Here is a table that summarizes the key differences between depth and breadth of usage:

Depth of usage is important for product success because it indicates that users are finding value in the product and are willing to invest time and effort into using it. Breadth of usage is also important because it shows that the product is reaching a wide audience and is being used in a variety of ways.

Companies can increase both the depth and breadth of usage by making their products easy to use, valuable, and versatile. They can also promote new features and use cases to encourage users to explore the product more deeply.

Here are some specific examples of how companies can increase depth and breadth of usage:

  • Provide personalized recommendations: Companies can use data to recommend new features, use cases, and content to users based on their individual usage patterns.
  • Create educational resources: Companies can create tutorials, guides, and other resources to help users learn how to use the product more effectively.
  • Offer rewards and incentives: Companies can offer rewards and incentives to encourage users to use the product more frequently and deeply.
  • Partner with other businesses: Companies can partner with other businesses to offer new integrations and use cases for their product.

By focusing on increasing both depth and breadth of usage, companies can create more successful products that meet the needs of a wider range of users.

How to measure the depth of usage of your customers?

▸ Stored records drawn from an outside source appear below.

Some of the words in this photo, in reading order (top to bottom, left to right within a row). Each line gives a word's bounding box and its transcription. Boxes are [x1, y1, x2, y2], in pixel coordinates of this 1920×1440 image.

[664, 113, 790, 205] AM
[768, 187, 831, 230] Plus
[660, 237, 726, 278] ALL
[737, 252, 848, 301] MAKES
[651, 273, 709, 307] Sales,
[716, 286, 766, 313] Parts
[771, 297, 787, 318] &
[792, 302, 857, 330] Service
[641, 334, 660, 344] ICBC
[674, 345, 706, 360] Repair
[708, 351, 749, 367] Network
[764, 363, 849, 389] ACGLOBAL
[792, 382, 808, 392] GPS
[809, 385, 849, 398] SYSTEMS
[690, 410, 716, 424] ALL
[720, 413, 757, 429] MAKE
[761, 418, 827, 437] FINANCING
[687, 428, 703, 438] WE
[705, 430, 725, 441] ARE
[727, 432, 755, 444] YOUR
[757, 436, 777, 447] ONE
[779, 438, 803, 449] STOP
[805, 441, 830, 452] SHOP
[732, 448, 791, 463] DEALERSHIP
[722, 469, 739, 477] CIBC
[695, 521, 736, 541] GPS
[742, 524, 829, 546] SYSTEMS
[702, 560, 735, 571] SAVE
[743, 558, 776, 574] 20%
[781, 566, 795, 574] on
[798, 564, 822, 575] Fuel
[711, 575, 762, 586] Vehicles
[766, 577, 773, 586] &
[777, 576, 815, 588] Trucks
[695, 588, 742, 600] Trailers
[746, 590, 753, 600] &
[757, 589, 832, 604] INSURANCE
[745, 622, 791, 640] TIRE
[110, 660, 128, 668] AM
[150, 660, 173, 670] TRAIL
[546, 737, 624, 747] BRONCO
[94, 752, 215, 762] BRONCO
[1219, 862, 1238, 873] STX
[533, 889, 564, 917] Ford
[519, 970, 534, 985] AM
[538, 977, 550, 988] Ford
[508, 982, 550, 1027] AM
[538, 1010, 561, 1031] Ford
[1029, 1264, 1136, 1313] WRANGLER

Determining the depth of usage of your customers is crucial for understanding their engagement with your product or service and identifying areas for improvement. There are several metrics you can track to assess the depth of usage across your user base:

  1. Average Session Length: Monitor the average amount of time users spend on your platform during each session. A higher average session length indicates that users are engaging more deeply with your product.
  2. Pages Per Session: Track the average number of pages users visit per session. A higher pages-per-session metric suggests that users are exploring more features and functionalities.
  3. Unique Actions: Count the number of unique actions users take within the product, such as creating new content, completing tasks, or accessing specific features. A higher number of unique actions indicates that users are interacting with your product in more ways.
  4. Deep Linking: Measure the usage of deep links, which are links that take users directly to specific pages or features within the product. This metric indicates that users are finding and utilizing specific content or functionalities.
  5. Feature Activation Rates: Track the percentage of users who have activated specific features or modules within the product. A higher activation rate indicates that users are finding value in these features and engaging with them.
  6. Customer Support Usage: Monitor the volume of customer support requests related to specific features or functionalities. A high volume of support requests may indicate that users are struggling to understand or utilize certain aspects of the product.
  7. Adoption of New Features: Track the percentage of users who have adopted new features after their release. This metric assesses the effectiveness of your feature rollout and identifies areas for improvement in feature adoption strategies.
  8. Repeat Usage: Monitor the frequency of user visits or interactions over time. A consistent pattern of repeat usage indicates that users are finding value in the product and are engaged with it on an ongoing basis.
  9. In-app purchases: Measure the frequency and amount of in-app purchases made by users. This metric provides insights into the monetization potential of your product and the value users place on certain features or functionalities.
  10. Social Sharing: Track the number of times users share content or features from your product on social media. This metric indicates that users find value in the product and are willing to promote it to others.

By tracking these metrics, you can gain a comprehensive understanding of the depth of usage across your user base. This information can be used to identify areas for improvement in product design, feature development, and user education strategies.